CHAPITRE 2 : Et chante la
soprano

© Muse Baroque, 2010
Le Financier monta dans le
wagon de tête, les yeux encore rougis par une nuit de sommeil abrégée. Il
tendit machinalement son billet à une hôtesse impeccablement ennuyée,
chercha machinalement son large siège, fit tomber sa masse grise sur les
coussinets ocres et le repose-tête suffocant. Il refusa brutalement un café
tiède, fit semblant de se plonger dans un journal économique anglo-saxon au
format trop large et aux pages qui crissent, débordant sur le visage émacié
de son voisin somnolent.
Le paysage défilait
rapidement, à la manière d’un kaléidoscope blafard, duquel on aurait ôté les
étoiles colorées pour ne laisser que de mornes flocons.
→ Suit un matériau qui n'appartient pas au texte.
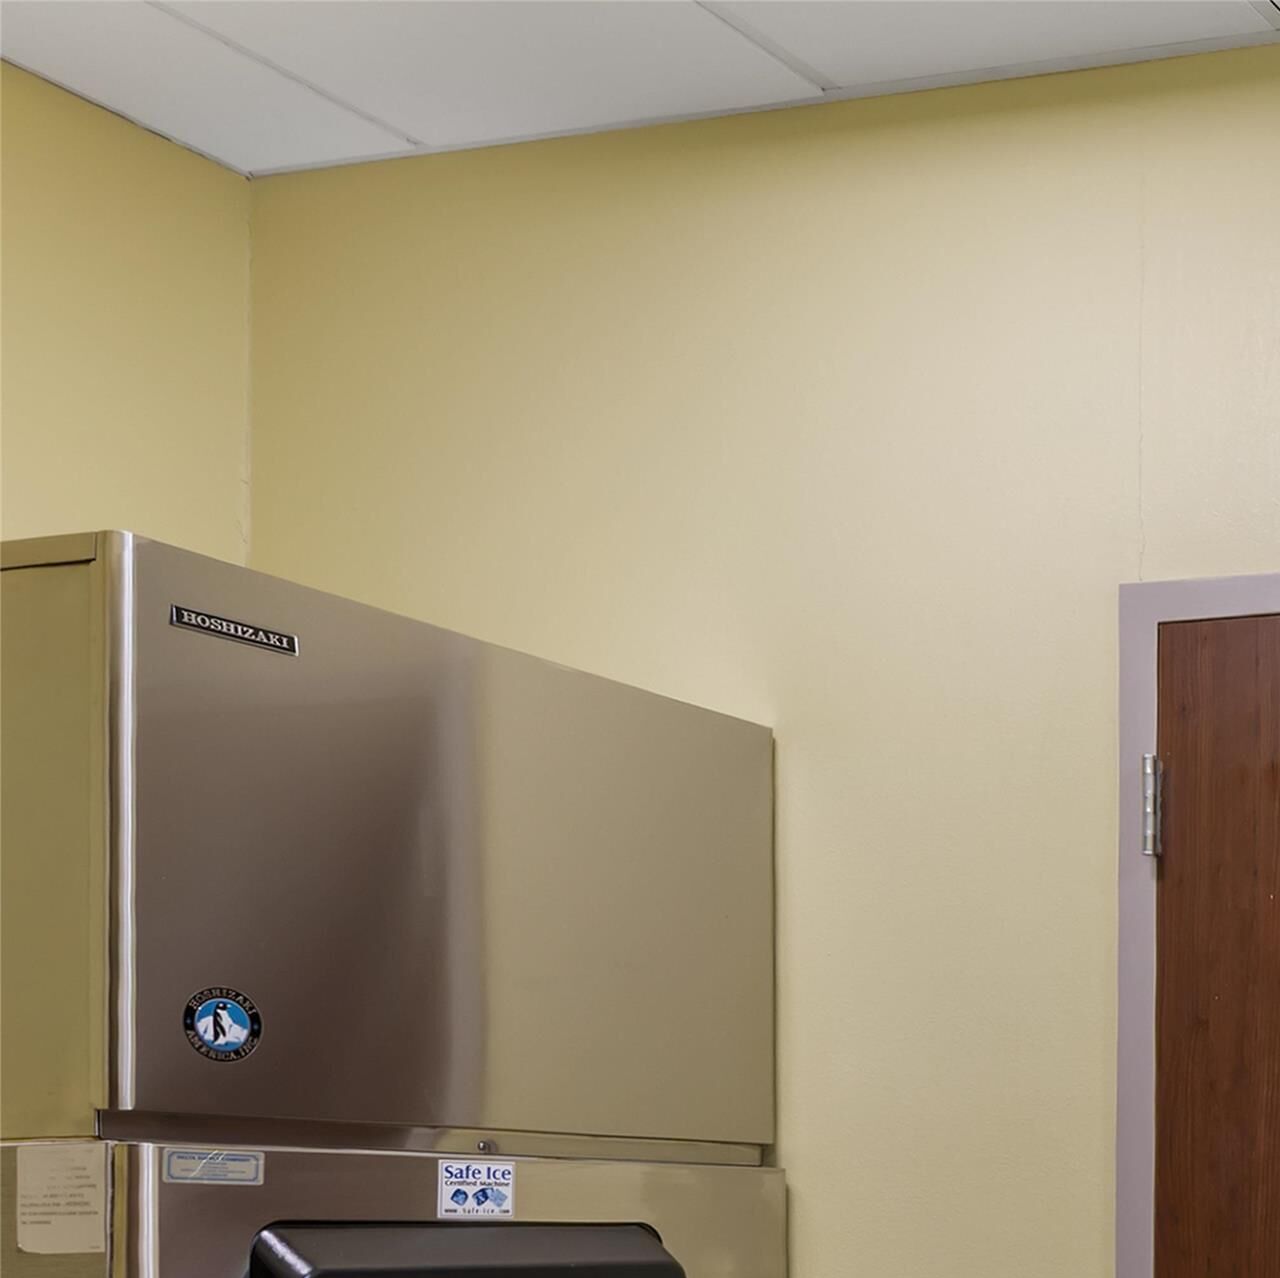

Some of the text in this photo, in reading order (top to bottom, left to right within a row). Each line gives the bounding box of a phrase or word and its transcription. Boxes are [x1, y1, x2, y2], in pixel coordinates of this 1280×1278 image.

L’ordinateur
portable rejetait des flots de données, obscurs cryptogrammes que seul
l’initié pouvait traduire en obscures satisfactions. Il contempla sa
montre et sourit d’une grimace. A l’heure actuelle, le Quai des Orfèvres
avait dû dépêcher l’un de ses limiers ; frétillant et maladroit et il avait
hâte de débucher la créature, de balafrer de givrure passagère le diamant.
Peut-être, tout comme lui, le porteur de tricolore était il dans un train,
filant le long de ses parallèles de métal. Il enfila son casque, et poussa
le volume, fit taire les hordes de chiffres et de codes pour un zircon du
7ème art. Le timbre charnu et velouté de Nathalia Reming emplit ses oreilles
tandis qu’à l’écran s’effondraient des masses sanguinolentes d’uniformes
standardisés. Le Piangerò haendélien, cri de rage et de douleur d’une Reine
déchue lui arracha un râle de triomphe, tandis qu’il appuyait discrètement
sur une touche de son ordinateur lors du da capo.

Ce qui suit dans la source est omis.